What this task involves =
Images are to be dropped; everything else in the entries below must be copied exactly.

--------------------------------------------------

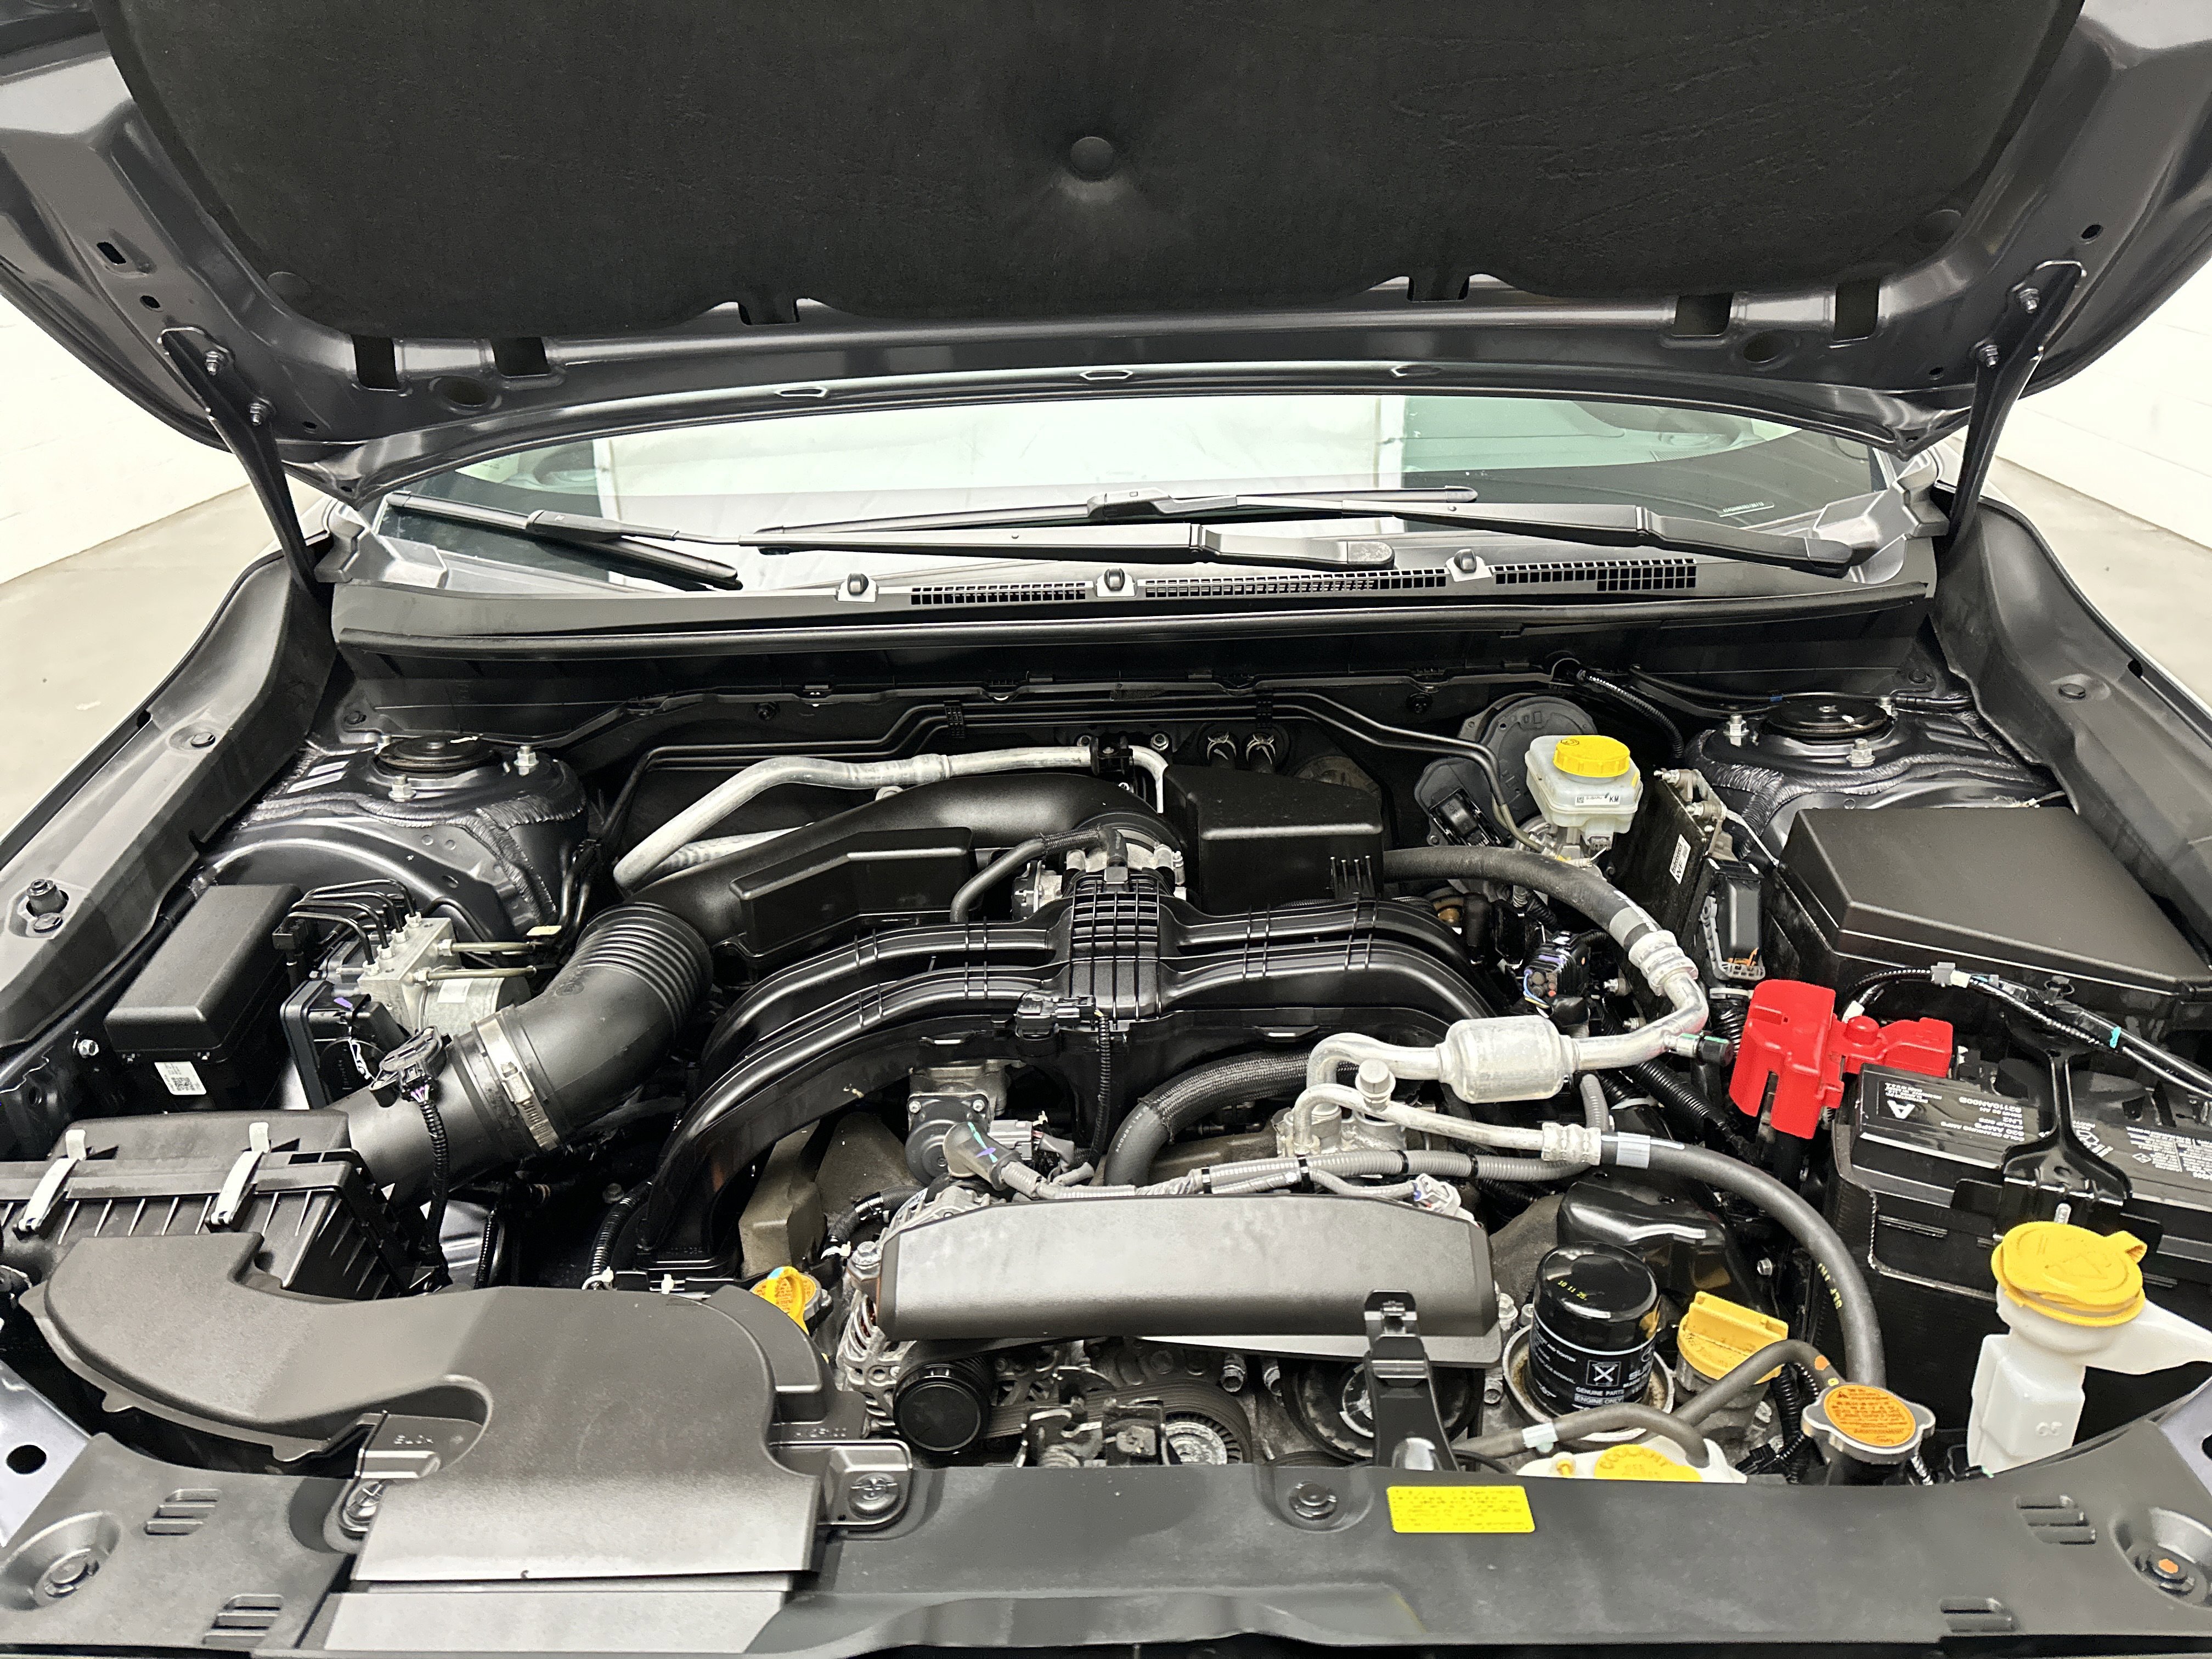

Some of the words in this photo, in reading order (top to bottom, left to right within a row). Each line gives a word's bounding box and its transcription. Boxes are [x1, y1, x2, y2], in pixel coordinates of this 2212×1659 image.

[1676, 860, 1683, 878] WF
[1974, 1122, 2005, 1133] AMPS
[1576, 1386, 1604, 1396] GENUINE
[1576, 1395, 1604, 1404] ENGINE
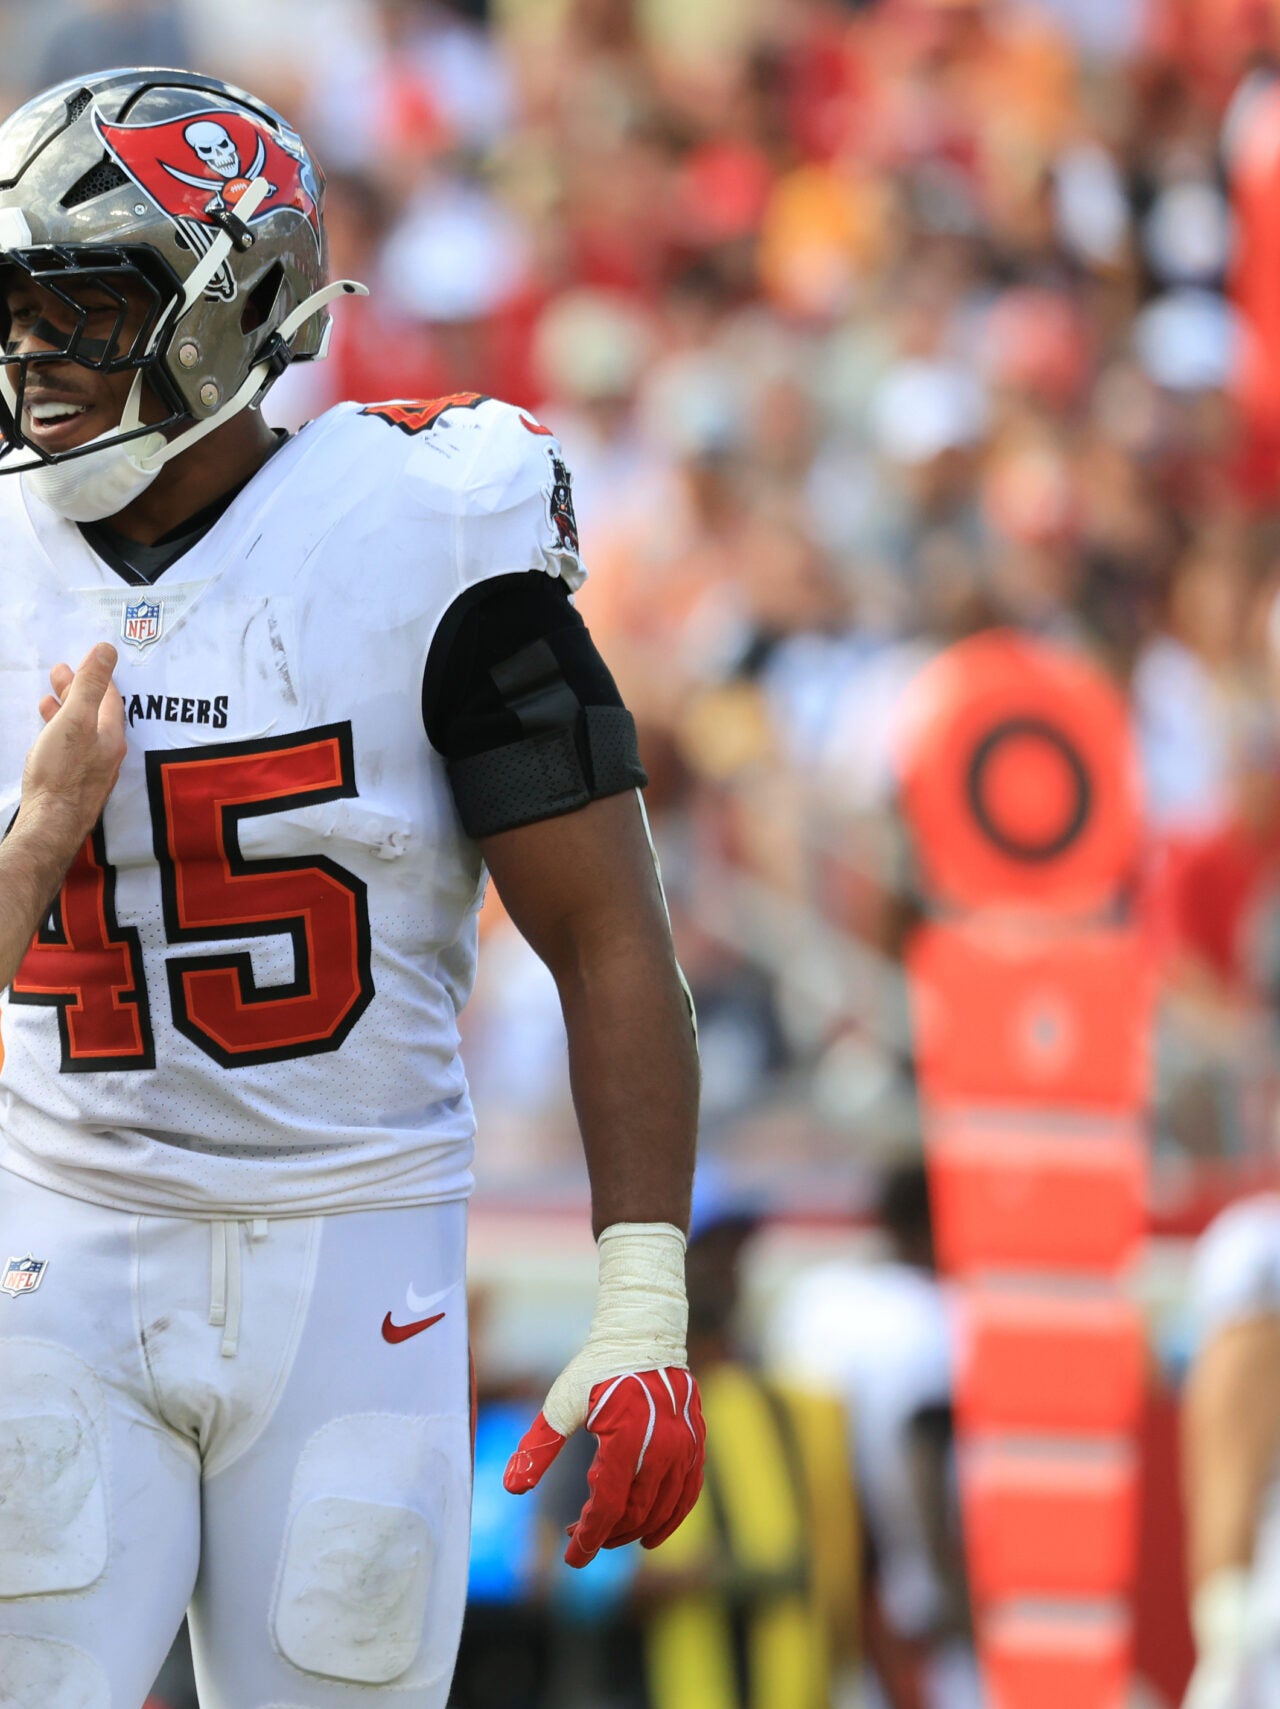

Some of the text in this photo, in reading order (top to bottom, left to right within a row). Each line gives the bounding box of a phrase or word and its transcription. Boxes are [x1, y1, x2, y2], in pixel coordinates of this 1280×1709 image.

[127, 619, 155, 640] NFL
[122, 694, 228, 728] ANEERS
[8, 720, 376, 1073] 45
[6, 1272, 33, 1289] NFL
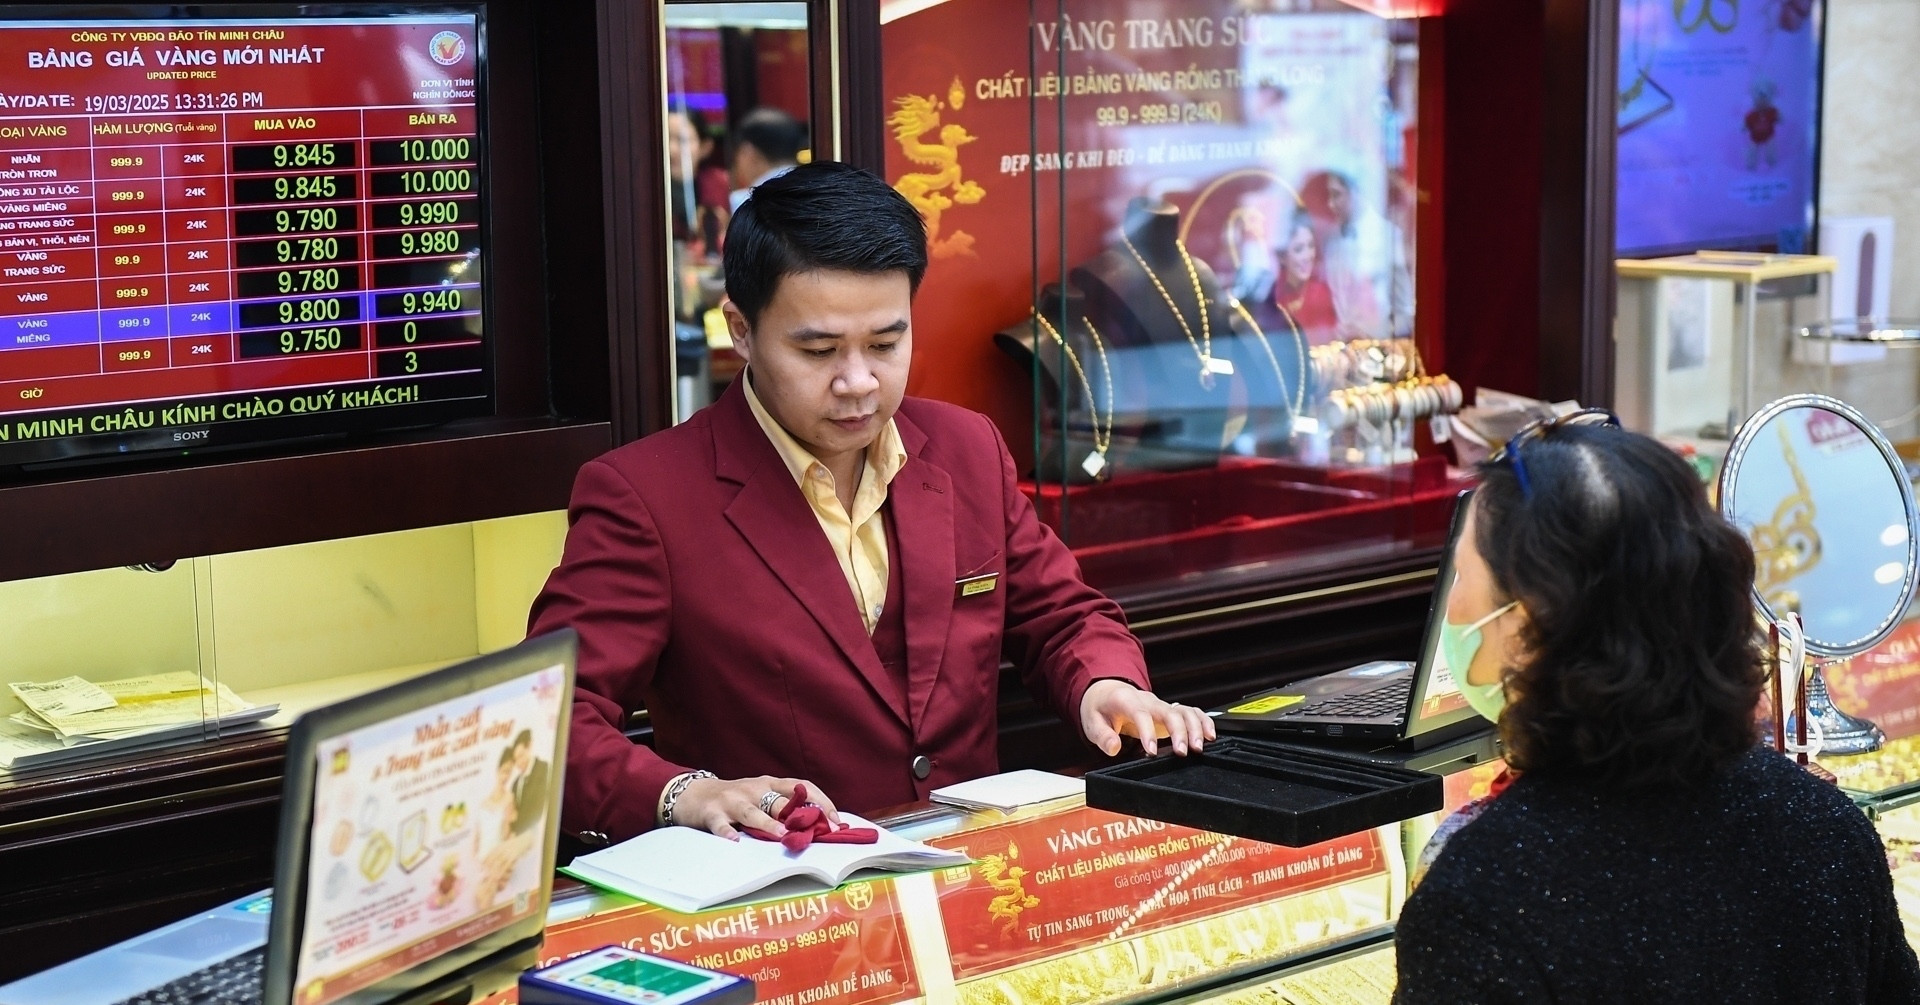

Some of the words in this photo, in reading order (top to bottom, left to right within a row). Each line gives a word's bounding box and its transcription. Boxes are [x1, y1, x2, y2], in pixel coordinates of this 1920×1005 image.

--------------------------------------------------

Exercise output =
Some of the words in this photo, in reading order (top to bottom, left to right within a row). Each line gives a word's bounding box and its transcription. Boxes are [x1, y1, x2, y2], in pixel coordinates of this 2212×1659 image.

[1676, 860, 1683, 878] WF
[1974, 1122, 2005, 1133] AMPS
[1576, 1386, 1604, 1396] GENUINE
[1576, 1395, 1604, 1404] ENGINE

Some of the text in this photo, in reading order (top to bottom, left to right within a row). Each line gives the bounding box of a phrase or word and its transcription. Boxes are [x1, y1, x2, y2], in pixel coordinates of this 1280×1709 image.

[127, 619, 155, 640] NFL
[122, 694, 228, 728] ANEERS
[8, 720, 376, 1073] 45
[6, 1272, 33, 1289] NFL

Some of the words in this photo, in reading order (top to bottom, left to right within a row). Each line gives a word's bounding box and its transcription. Boxes are [x1, y1, x2, y2], in pixel coordinates of this 1920×1005 image.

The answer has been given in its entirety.